You're a founder whose business has reached a moment where instinct alone isn't going to be enough to make the next set of decisions.
What we do
The shape of an early stage engagement depends on where the business is. Sometimes the work is foundational. Proposition development, customer discovery, brand positioning, the early architecture of how marketing and product will work together. Sometimes it's diagnostic. Looking at what's been tried, what's working, what isn't and where the leverage actually sits. Sometimes it’s about insight. UX or propsition research when it most matters. Sometimes it's structural. Helping shape the brief for the first marketing recruits or designing the operating relationships between founders, marketing, and product.
Across all of these, we aim to balance two things that often get treated as opposites. Building short term momentum the business can actually feel and laying the foundations of a marketing capability that will keep working as the business grows. Most early stage marketing advice focuses on one or the other. Pure short term thinking exhausts the budget without building anything that lasts. Pure long term thinking produces a strategy the business never has time to execute. The interesting work is in the discipline of doing both at once.
The approach is the same throughout. We work as a sustained outside perspective rather than a one off consultant. We're close enough to the business to understand what's actually happening, removed enough to see what's harder to see from inside.
How it works
Most projects start with a short diagnostic phase. Interviews with the founders, a look at existing materials and data, a working view of where the business is and what the most useful next moves would be. From there the shape of ongoing work is flexible. For some businesses it's a focused six to twelve week project to help make a specific decision. For others it's a longer fractional CMO style engagement with us functioning as the senior strategic marketing perspective the business doesn't yet have full time. Or it's something in between. A monthly partnership shaped around the rhythm of board meetings, decisions on the horizon and the moments where outside perspective is most useful. We work to whatever shape genuinely fits the business at the moment we're in.
What we bring
25 years of brand strategy experience, including senior leadership roles in growth businesses and direct work with early stage founders. The ability to think across product, brand, audience and category at the same time. And a willingness to engage at the level of the actual decisions in front of you, rather than working at the level of a recommendation deck.
Free start up guide
Get our working paper on marketing for startups. Written for the period when the product, the customer, and the business model are all still being discovered.

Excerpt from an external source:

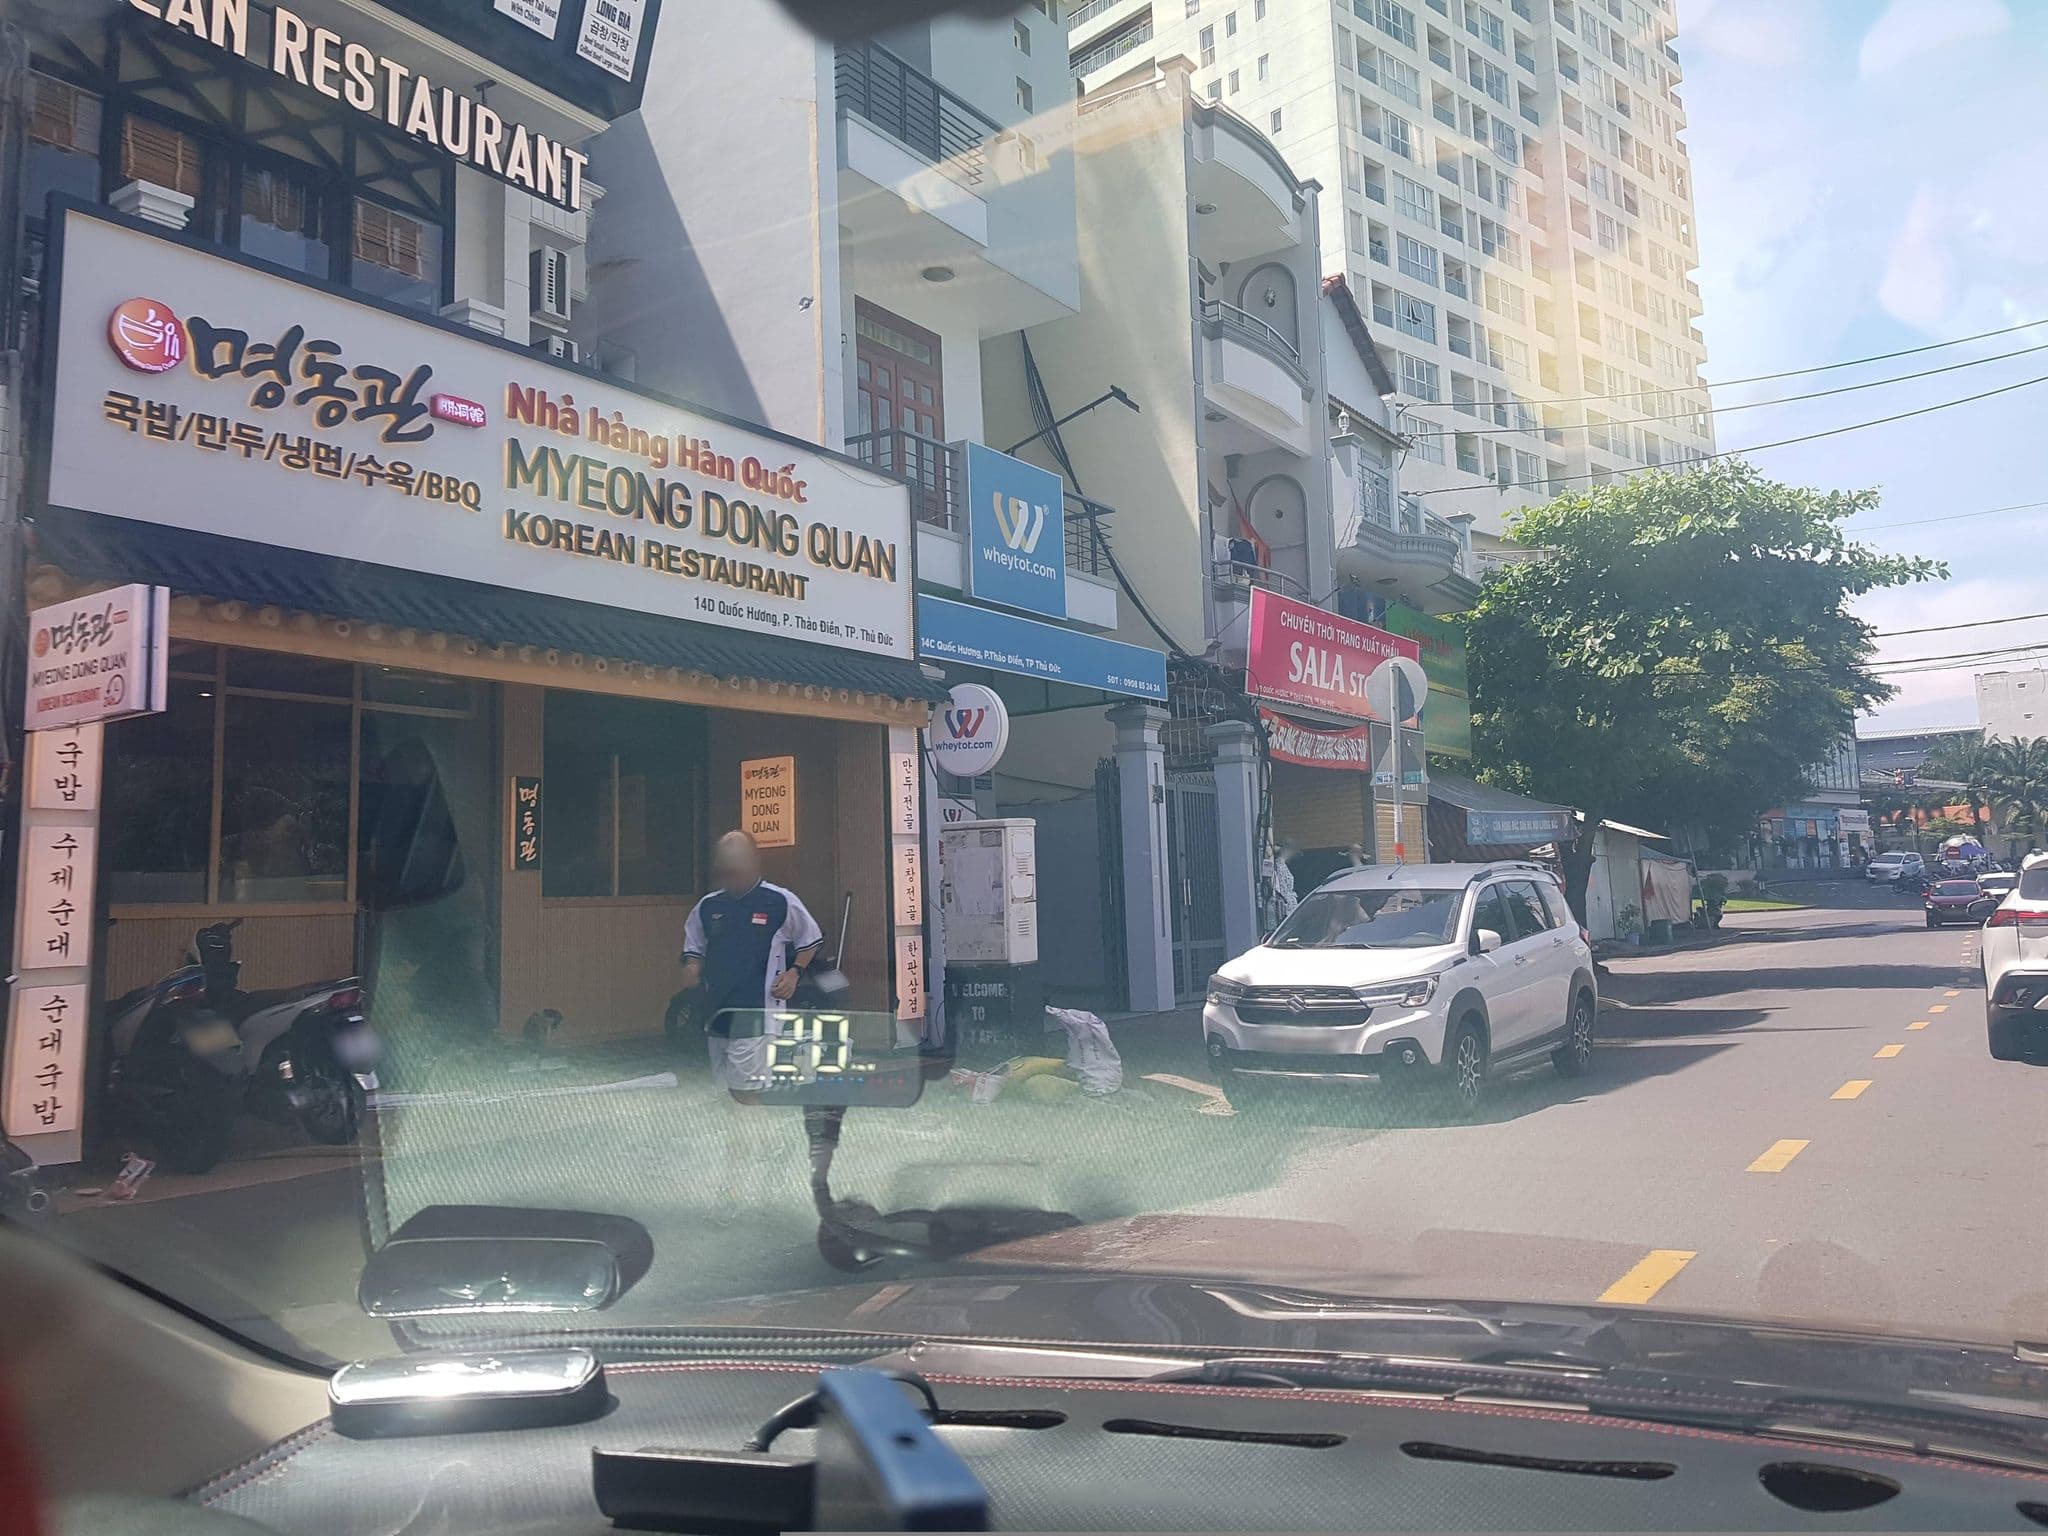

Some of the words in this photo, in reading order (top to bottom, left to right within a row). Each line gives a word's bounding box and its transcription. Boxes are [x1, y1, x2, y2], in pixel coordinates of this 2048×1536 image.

Most startups aren't failing because their marketing is bad. They're failing because they're trying to do established business marketing on a business that hasn't yet figured out what it is.
Steve Blank defined a startup as a temporary organisation designed to search for a repeatable and scalable business model.
Two words there are important. Temporary: because a startup either finds its model and becomes a different kind of business, or it doesn't. Searching: because, unlike established businesses a startup is looking for its model rather than executing one. Marketing's role in that search is fundamentally different from its role afterwards.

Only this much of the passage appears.